The Mendenhall Glacier is quite a bit different than Hubbard Glacier. While Hubbard Glacier’s river of ice flows for 76 miles down to the sea from its vast ice fields in Mt. Logan and Mt. Hubbard, the Mendenhall Glacier flows 13.5 miles from the Juneau Ice field to Mendenhall Lake. The Mendenhall Glacier is retreating as opposed to Hubbard Glacier which has continued to advance for about a century.
To the right of the Mendenhall Glacier is Nuggett Falls, a waterfall that drops in two tiers of 99 feet and 278 feet onto a sandbar in Mendenhall Lake. If you visit the Mendenhall Glacier and have extra time, the area has several trails worth exploring. In addition, don’t miss the opportunity to touch the Mendenhall Glacier ice in the Visitor Center
Our last stop on our Juneau excursion was a relaxing one as we headed to the Alaskan Brewery for a tour of the facility and the brewery process. We sampled several of the beers brewed in Juneau, including our favorites, Alaskan Amber beer and Alaskan White Ale. Unfortunately it’s hard to get Alaskan beers east of Michigan, one more reason for a return trip to Alaska.
Ketchikan, our final stop on the cruise, has been called the totem pole capital of the world. Thanks to the three tribes of Northwest Coast Indians, including the Tlingit tribe, hand-carved colorful replicas of totem poles decorate the city’s streets and parks.
In Ketchikan, we experienced a wilderness exploration and crab feast along the coast in historic George Inlet Lodge. The crab feast started with a smoked salmon appetizer, and fresh romaine salad, topped with mandarin oranges and tossed in homemade oriental dressing.
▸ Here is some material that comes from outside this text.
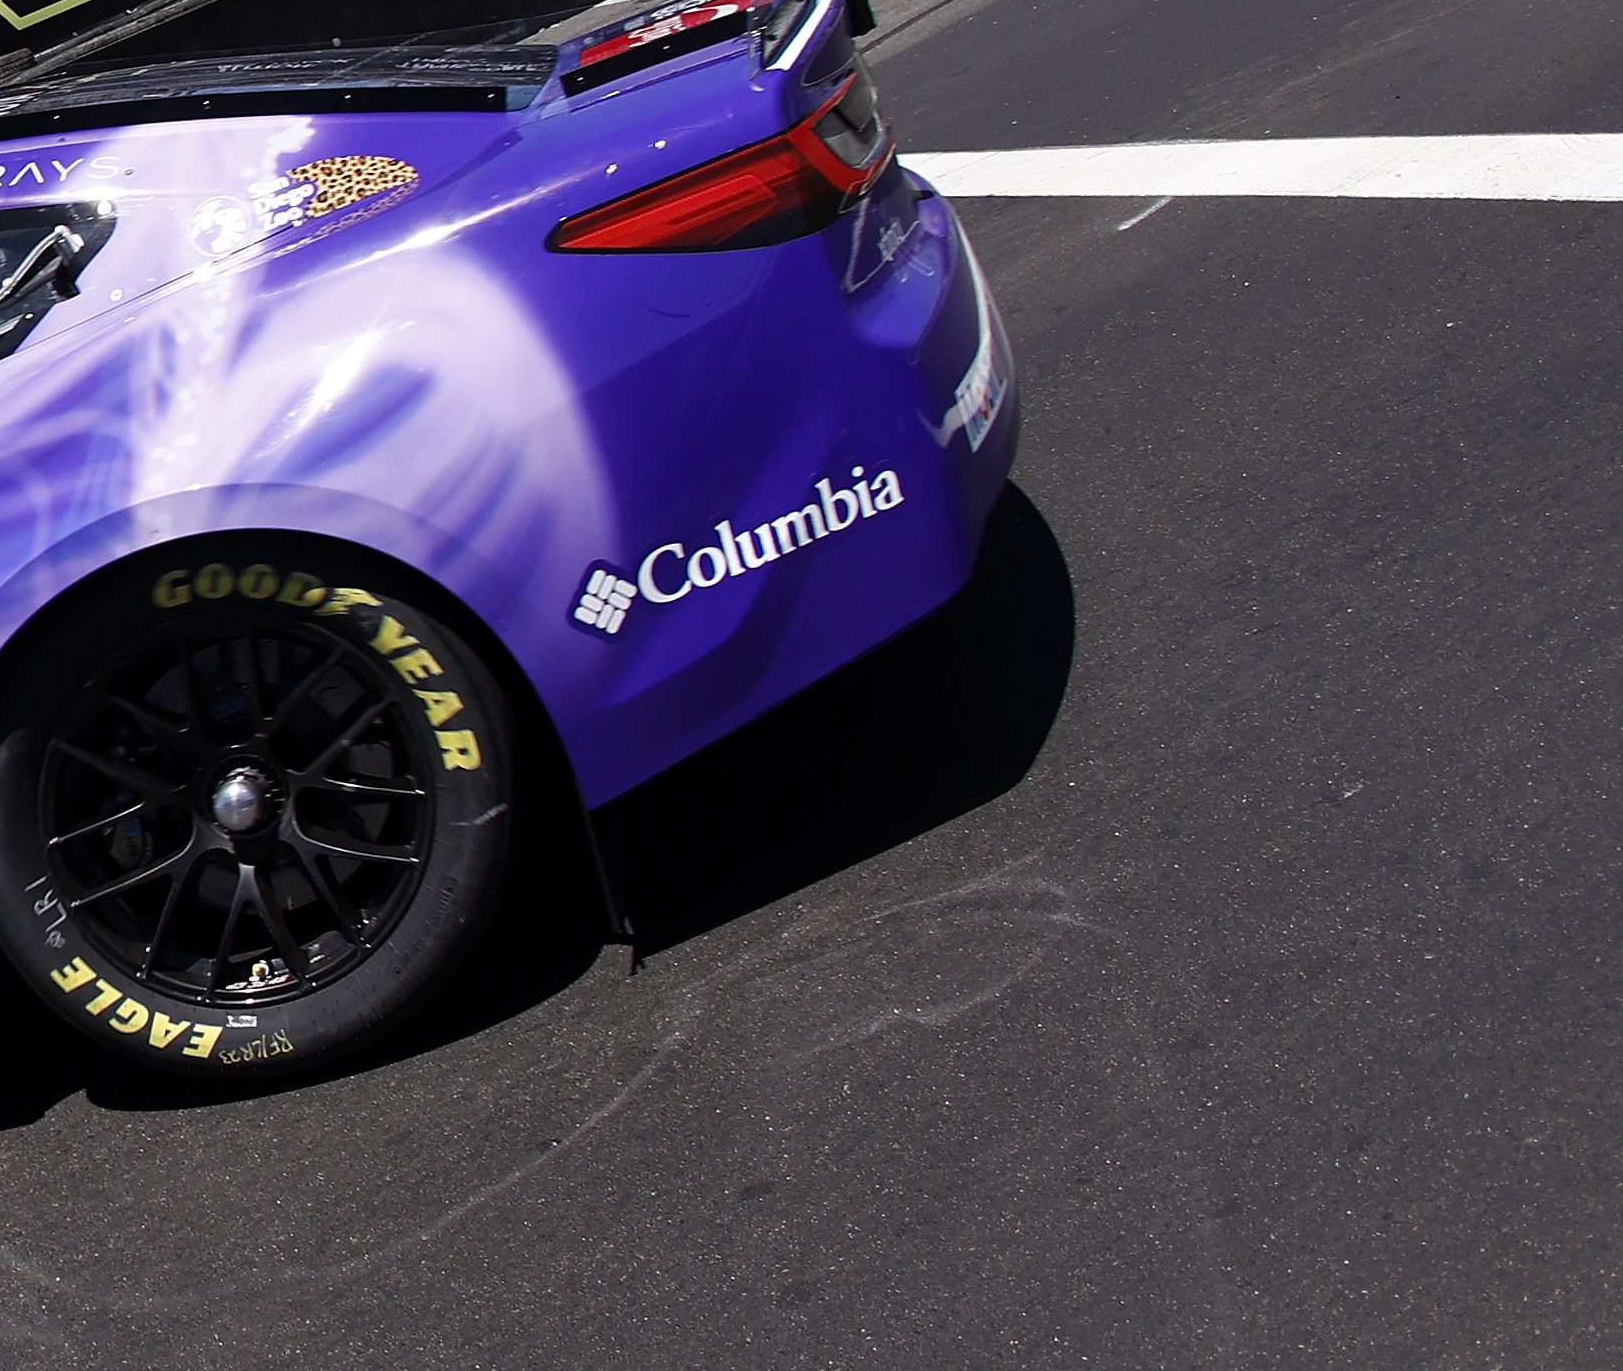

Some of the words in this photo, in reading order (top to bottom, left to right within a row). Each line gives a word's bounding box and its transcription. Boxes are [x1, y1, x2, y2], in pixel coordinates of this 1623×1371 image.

[254, 183, 315, 216] Diego
[638, 464, 906, 606] Columbia
[50, 955, 223, 1059] EAGLE
The main course followed with steaming hot Dungeness crab (as much crab, dipped in drawn butter, as you wanted!) and baby red potatoes, followed by a special Alaskan homemade blueberry cheesecake.
A walk around the lodge helped us digest the crab feast and prepare for the next part of our excursion. A 450-horsepower floatplane skimmed over the inlet next to the lodge, landed lightly in the water and pulled up next to the lodge’s dock. After five of us piled in, the floatplane soared upward, gliding over mountain ranges. We witnessed a vast wilderness landscape, including secluded mining towns and remote logging camps before landing on water back near the docks and our ship in Ketchikan.
When our voyage ended, we had traveled 2,045 nautical miles in seven days. We discovered the magnificence and the raw natural power of glaciers, tasted Alaskan cuisine, experienced Alaska’s rugged mountain ranges and logging camps from a floatplane, and explored the history and culture of the Tlingit tribe. Alaska truly is the last frontier.
If You Go:
Getting There: Alaska cruises generally leave from Vancouver or Seattle and range from seven to fourteen days long. (Some of the longer cruises originate out of San Francisco.) Our seven day Celebrity Cruises voyage departed and returned to Canada Place Cruise Ship Terminal in downtown Vancouver. Most Alaska cruises run from May through September.
By Air: Accessible from Vancouver International Airport. We took a 30 minute shuttle from the airport to the ship terminal in Vancouver.